# What to work on
Starting with the line that contains "this 1920×1440 image.", write out each line through the end of the listing, unchanged. Output nothing else.

# Provided data
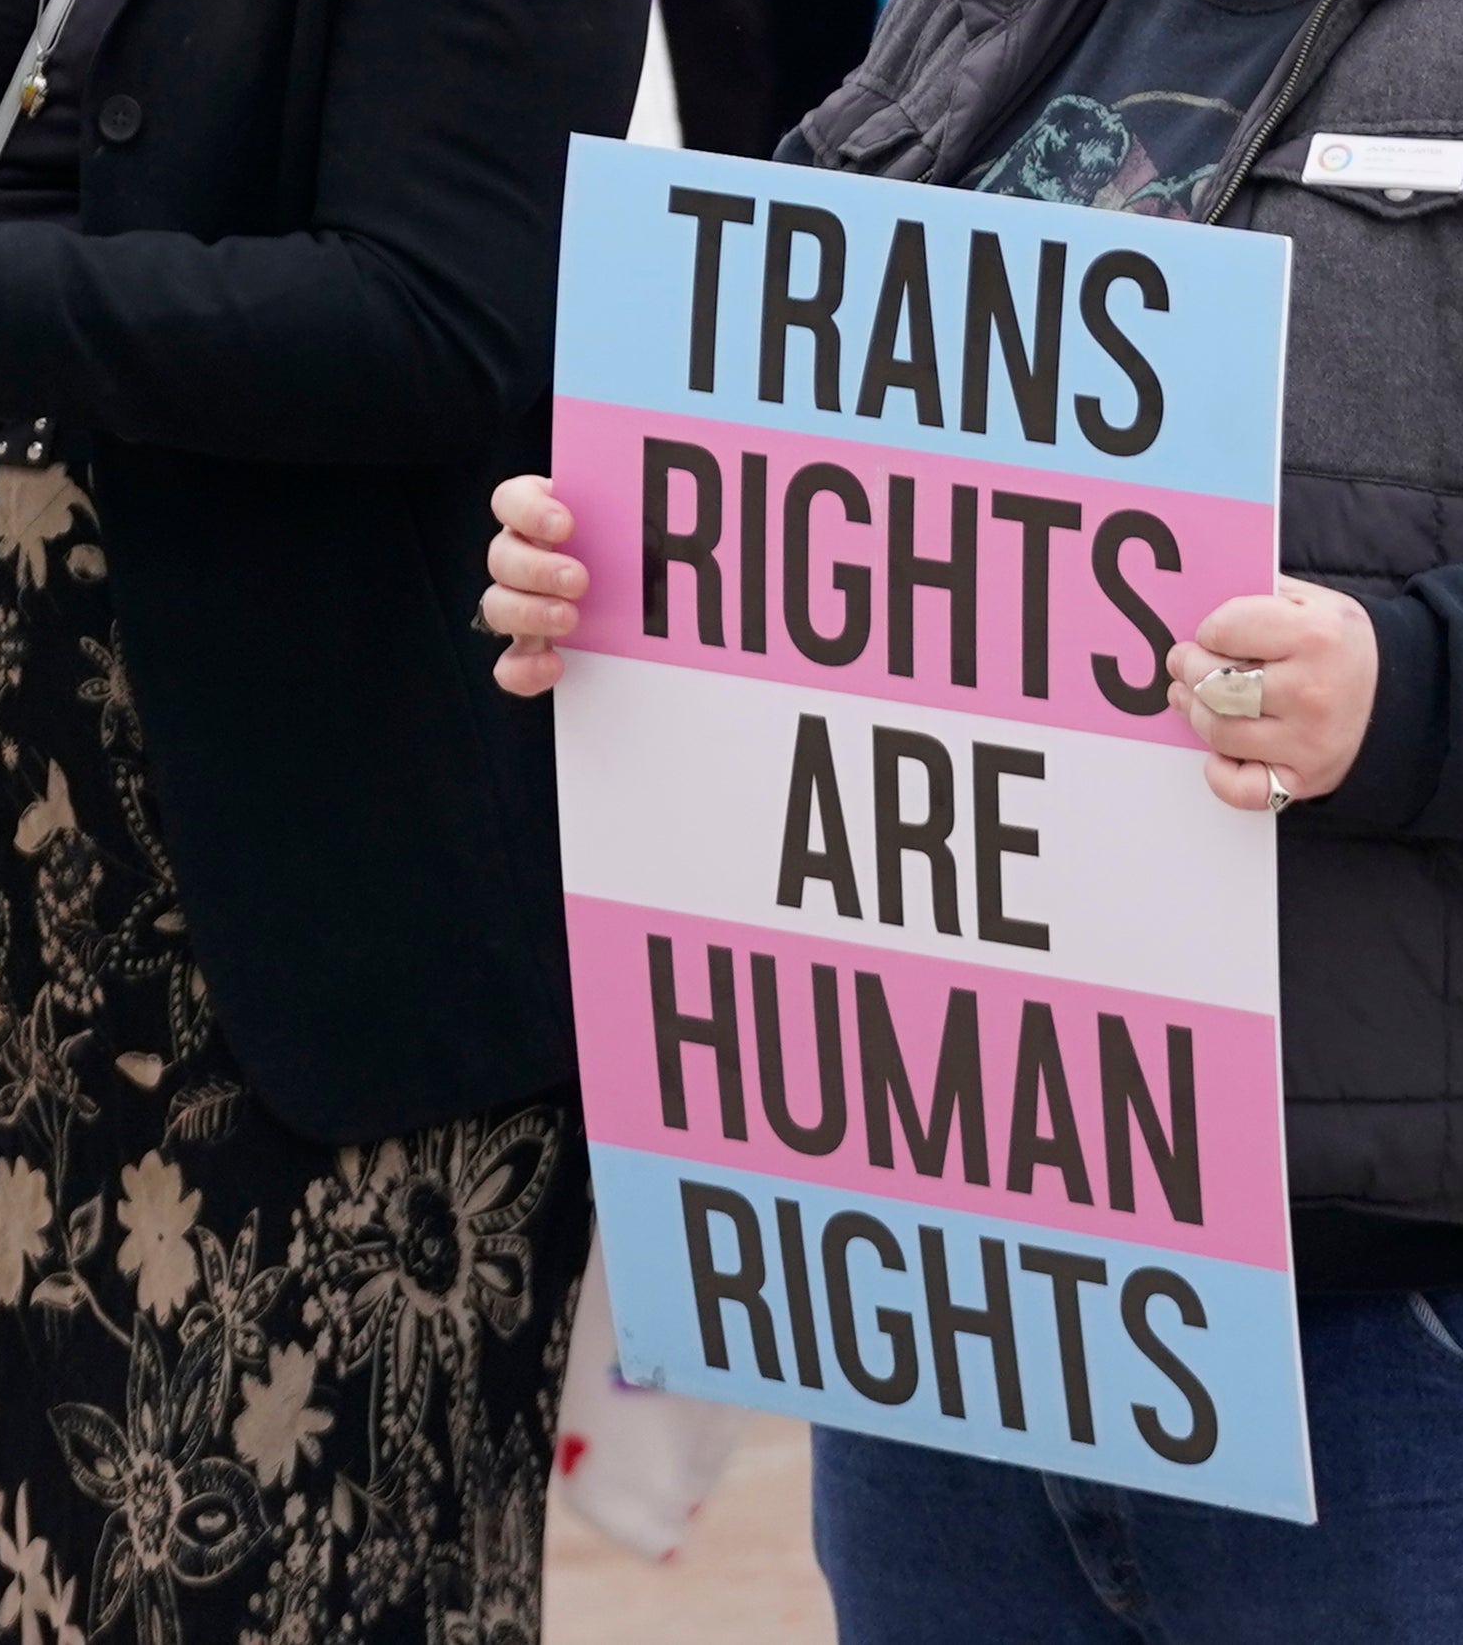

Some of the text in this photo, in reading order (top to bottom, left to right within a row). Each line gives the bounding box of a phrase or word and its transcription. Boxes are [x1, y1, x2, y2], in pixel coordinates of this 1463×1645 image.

[668, 184, 1171, 458] TRANS
[642, 437, 1185, 717] RIGHTS
[776, 713, 1051, 952] ARE
[647, 932, 1205, 1228] HUMAN
[679, 1178, 1219, 1466] RIGHTS
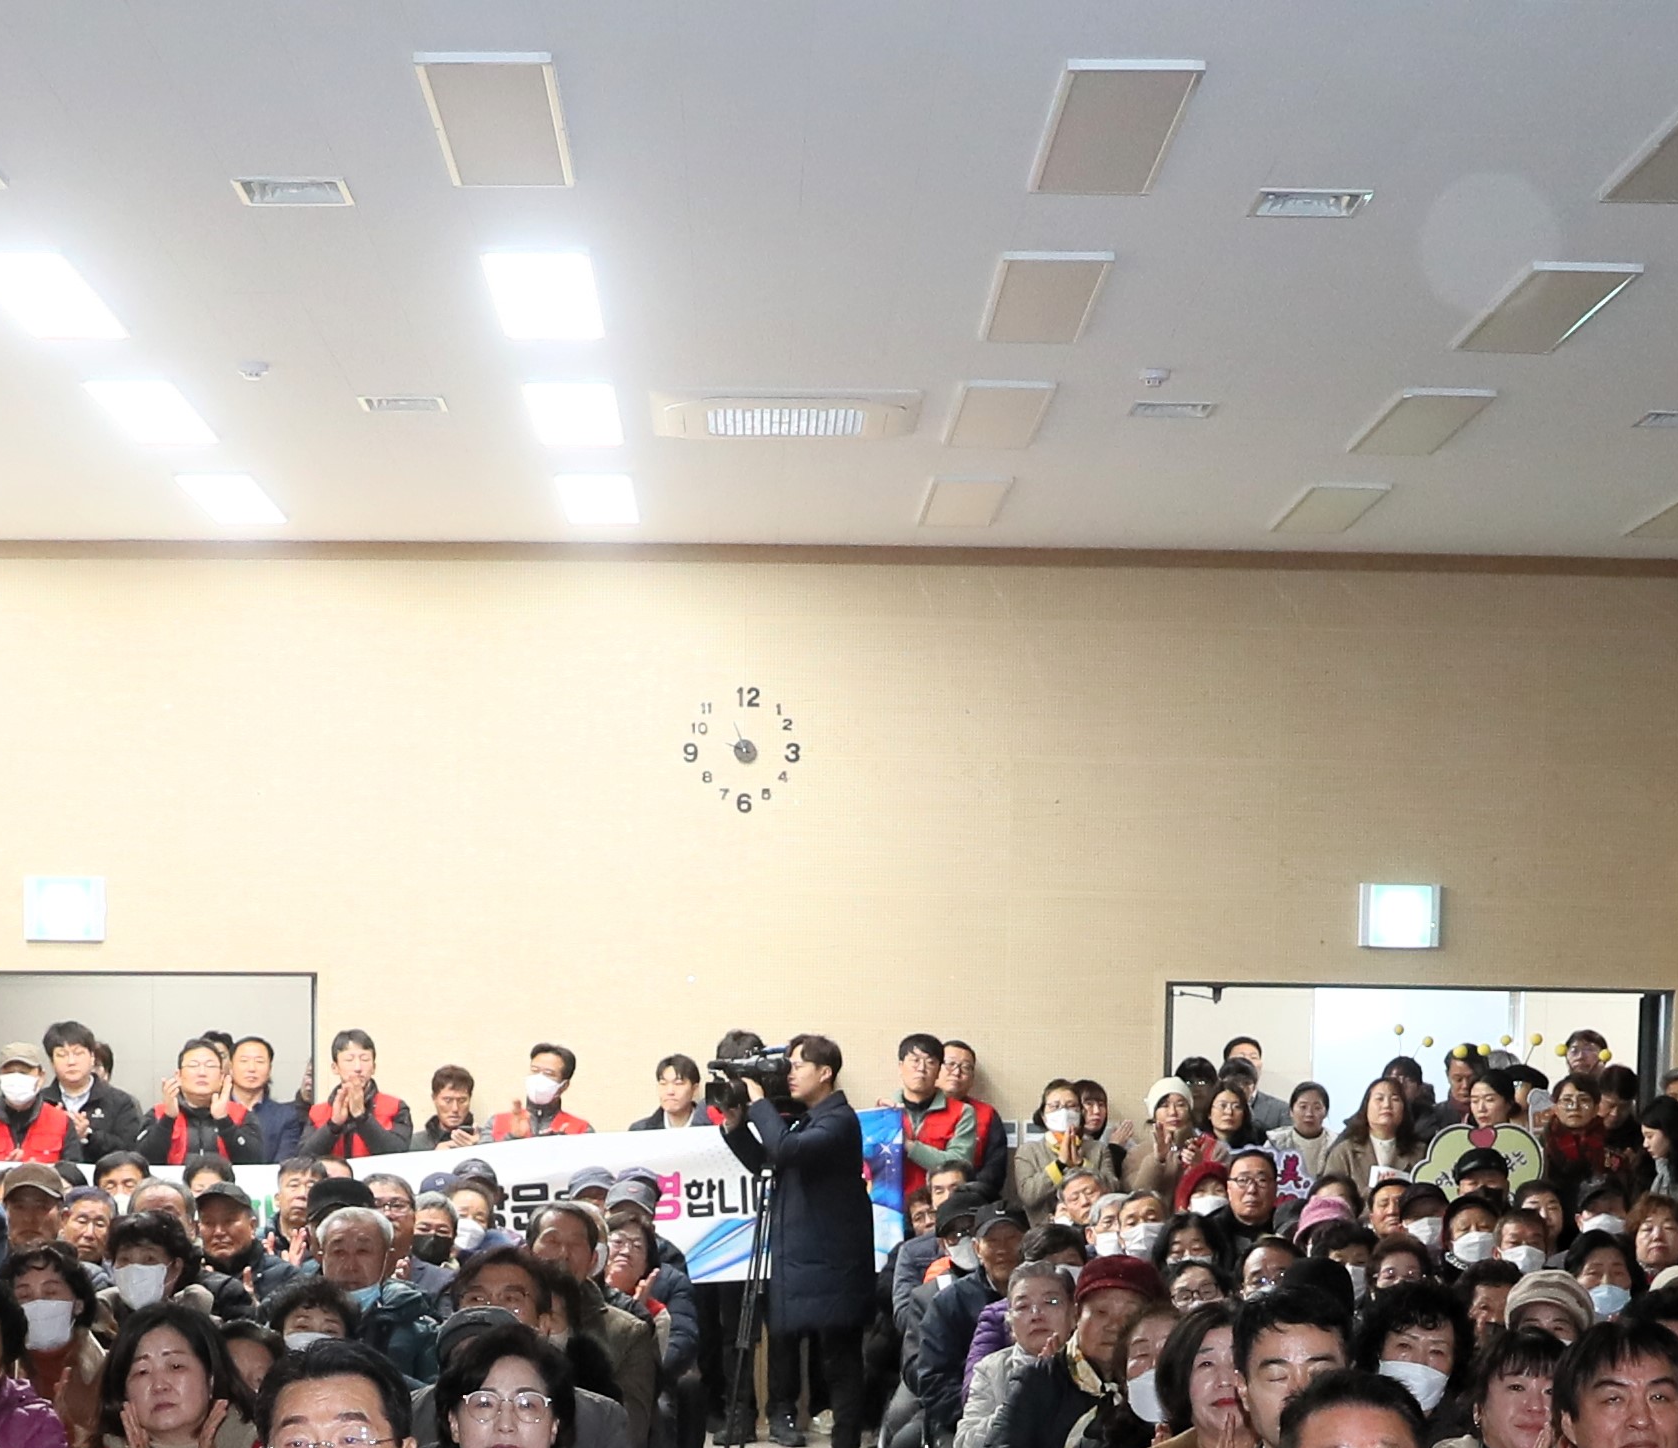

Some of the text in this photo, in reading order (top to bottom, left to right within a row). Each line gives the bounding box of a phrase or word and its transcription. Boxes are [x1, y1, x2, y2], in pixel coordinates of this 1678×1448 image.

[736, 686, 760, 708] 12
[701, 702, 712, 714] 11
[776, 703, 782, 716] 1
[691, 722, 708, 735] 10
[782, 718, 793, 731] 2
[683, 743, 698, 763] 9
[784, 743, 801, 763] 3
[702, 771, 712, 783] 8
[777, 771, 788, 783] 4
[719, 788, 730, 800] 7
[761, 788, 771, 801] 5
[736, 793, 752, 813] 6
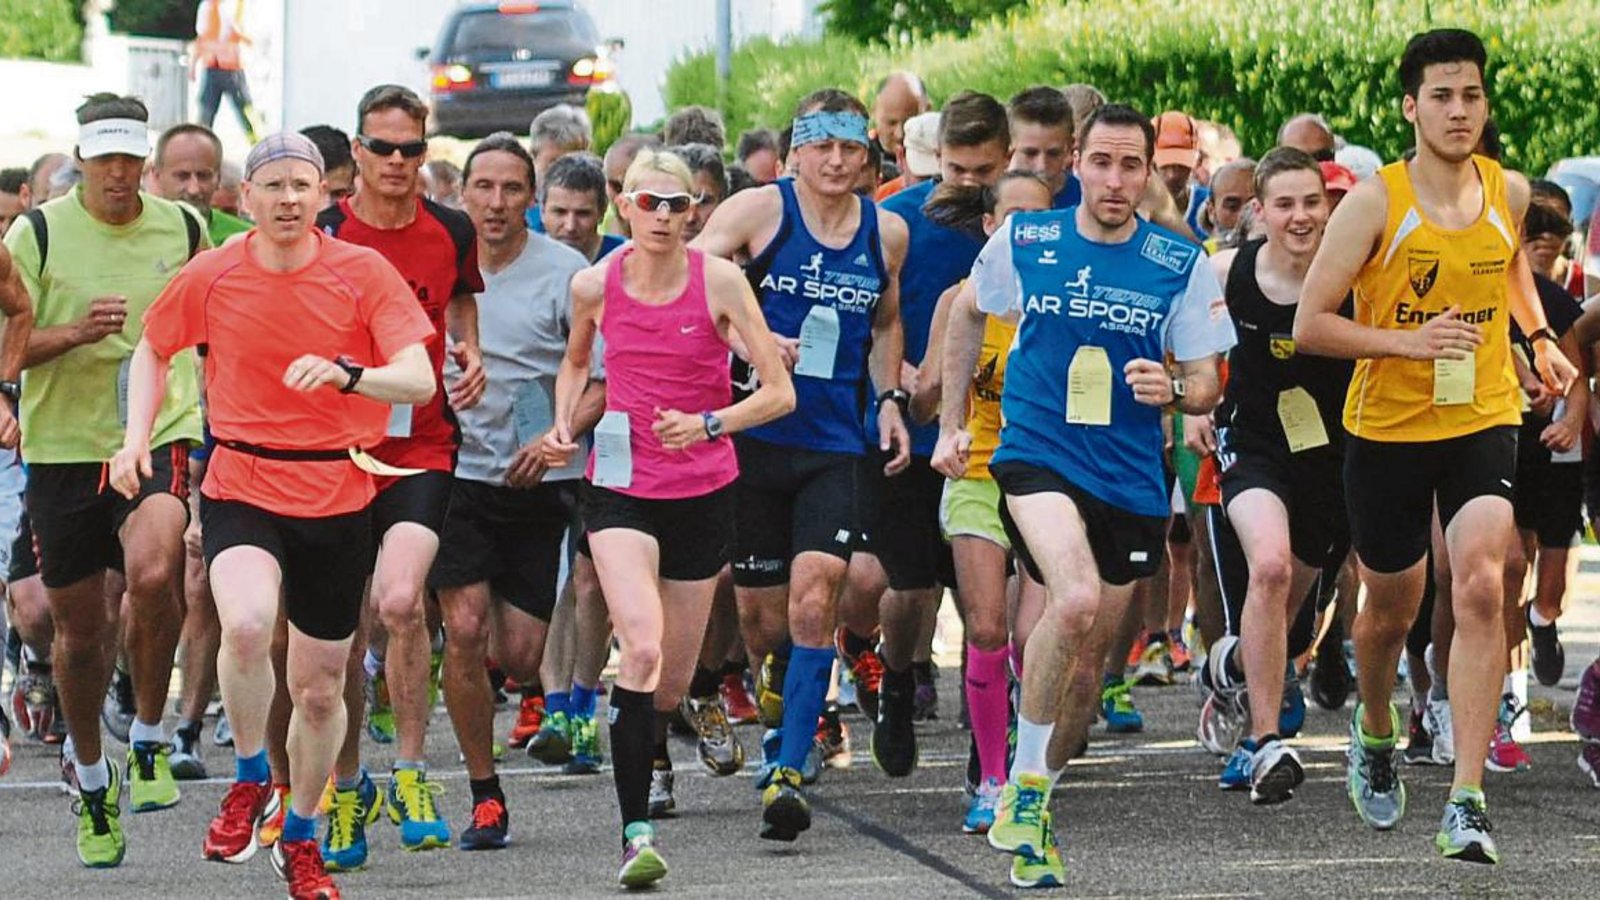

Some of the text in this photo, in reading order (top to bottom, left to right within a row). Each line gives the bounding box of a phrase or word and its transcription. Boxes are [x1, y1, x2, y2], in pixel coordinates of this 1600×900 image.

[1015, 223, 1060, 241] HESS
[759, 273, 881, 309] AR SPORT
[1092, 285, 1163, 311] TEAM
[1026, 294, 1164, 330] AR SPORT
[1395, 302, 1497, 324] Enger
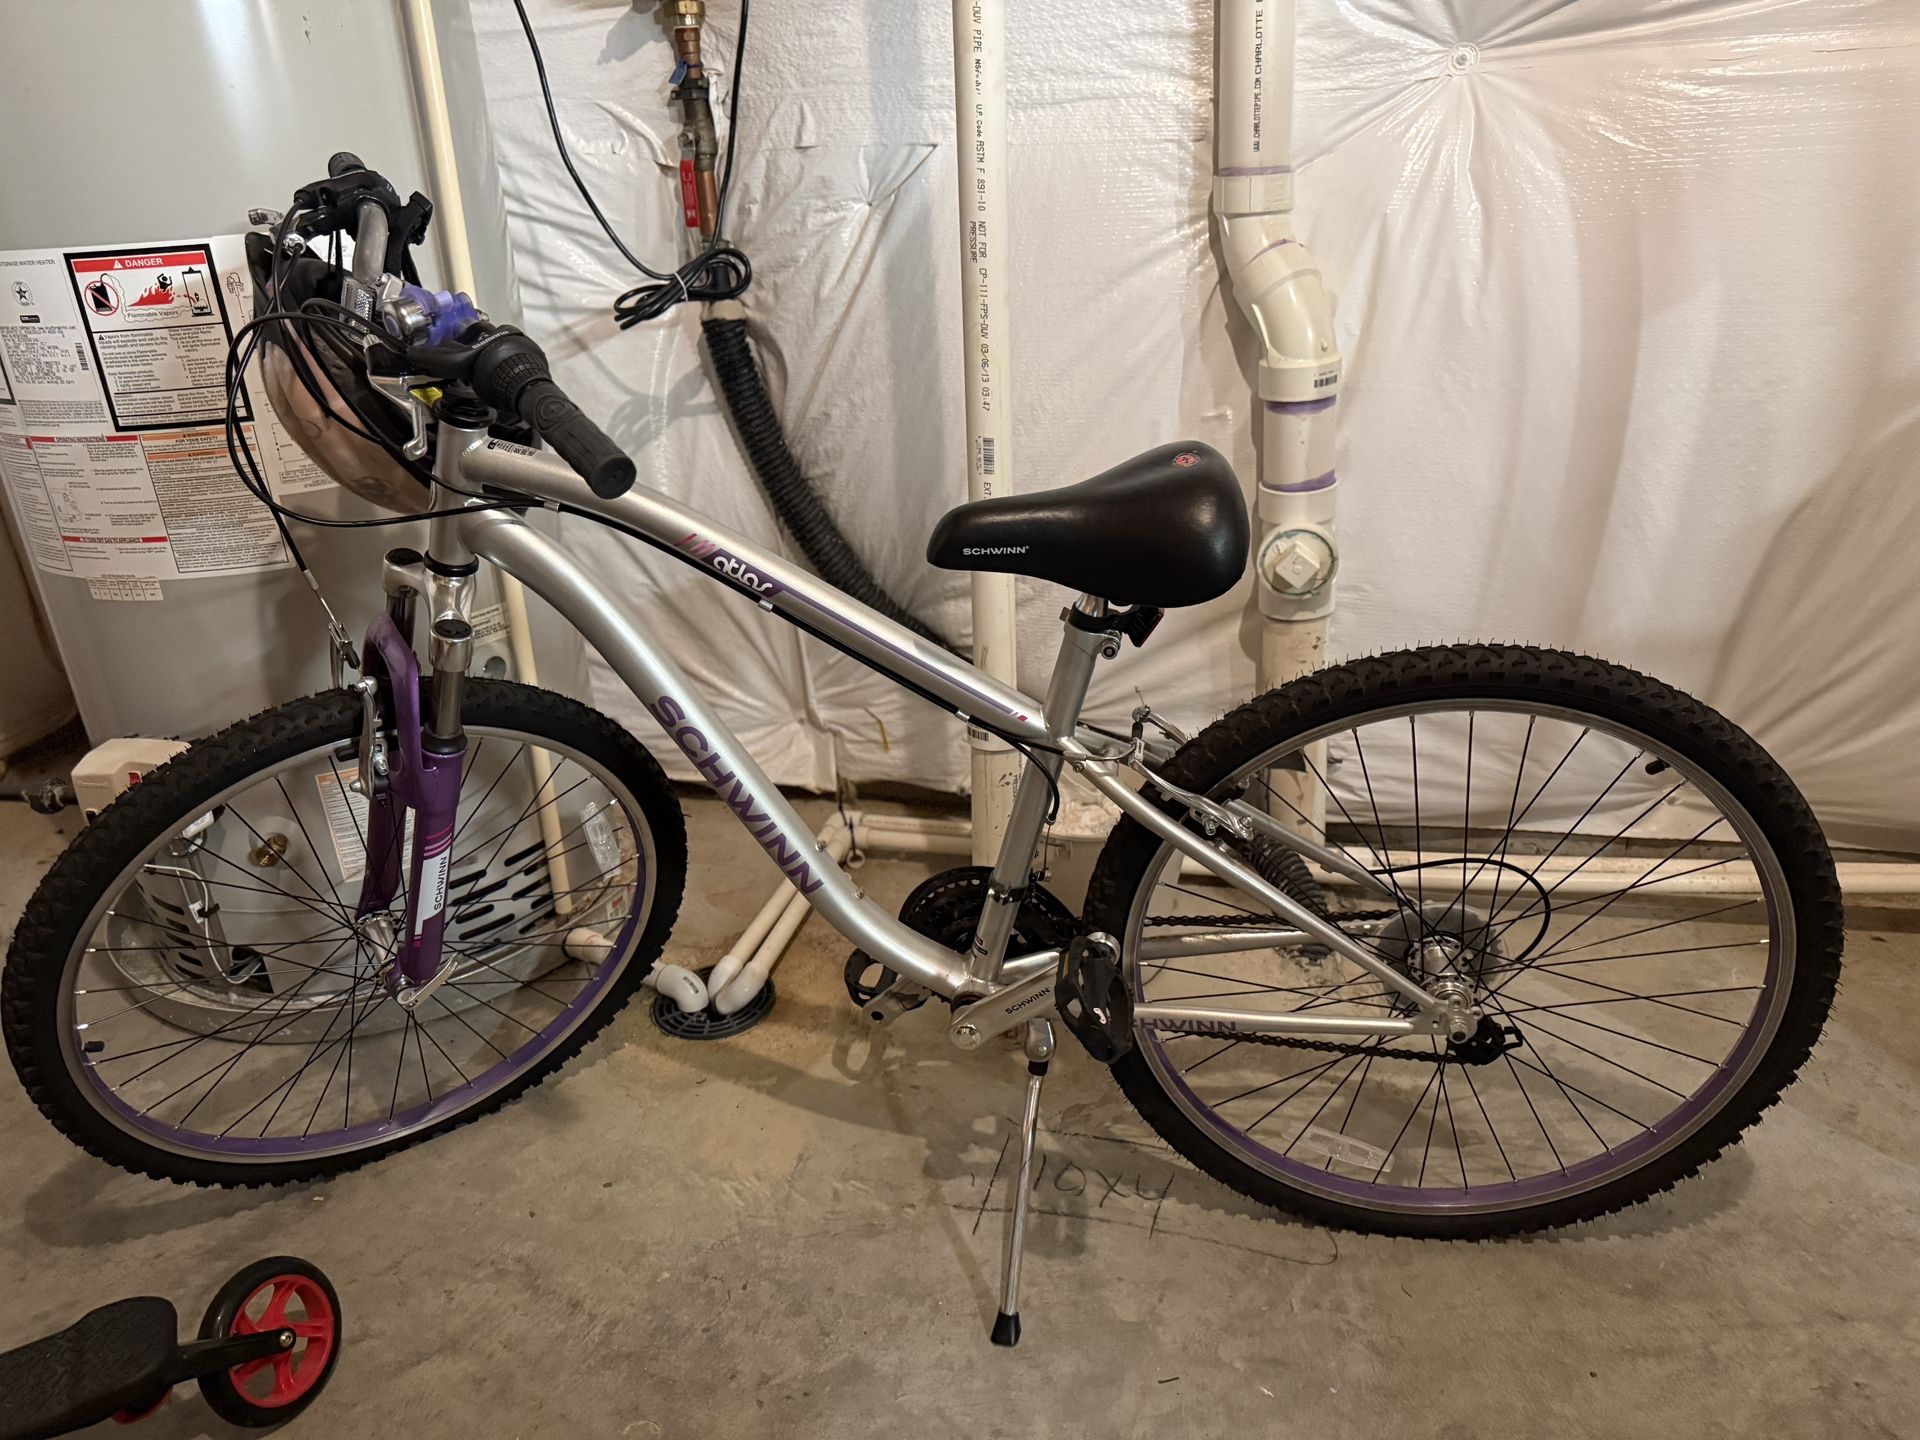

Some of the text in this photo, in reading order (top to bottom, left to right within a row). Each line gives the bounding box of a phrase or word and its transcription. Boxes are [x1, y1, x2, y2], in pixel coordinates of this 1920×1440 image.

[973, 29, 983, 53] PIPE
[1255, 9, 1263, 75] CHARLOTTE
[976, 140, 985, 163] ASTM
[977, 178, 986, 212] 891-10
[969, 221, 978, 264] PRESSURE
[978, 221, 987, 237] NOT
[125, 257, 164, 268] DANGER
[978, 242, 987, 259] FOR
[980, 343, 990, 383] 03/06/13
[713, 556, 773, 592] atlas
[650, 695, 824, 895] SCHWINN
[434, 856, 448, 911] SCHWINN
[1005, 987, 1051, 1014] SCHWINN
[1132, 1018, 1236, 1033] HWINN

# Result below
Some of the text in this photo, in reading order (top to bottom, left to right within a row). Each line gives the bounding box of a phrase or word and its transcription. Boxes are [x1, y1, x2, y2], in pixel coordinates of this 1920×1440 image.

[973, 29, 983, 53] PIPE
[1255, 9, 1263, 75] CHARLOTTE
[976, 140, 985, 163] ASTM
[977, 178, 986, 212] 891-10
[969, 221, 978, 264] PRESSURE
[978, 221, 987, 237] NOT
[125, 257, 164, 268] DANGER
[978, 242, 987, 259] FOR
[980, 343, 990, 383] 03/06/13
[713, 556, 773, 592] atlas
[650, 695, 824, 895] SCHWINN
[434, 856, 448, 911] SCHWINN
[1005, 987, 1051, 1014] SCHWINN
[1132, 1018, 1236, 1033] HWINN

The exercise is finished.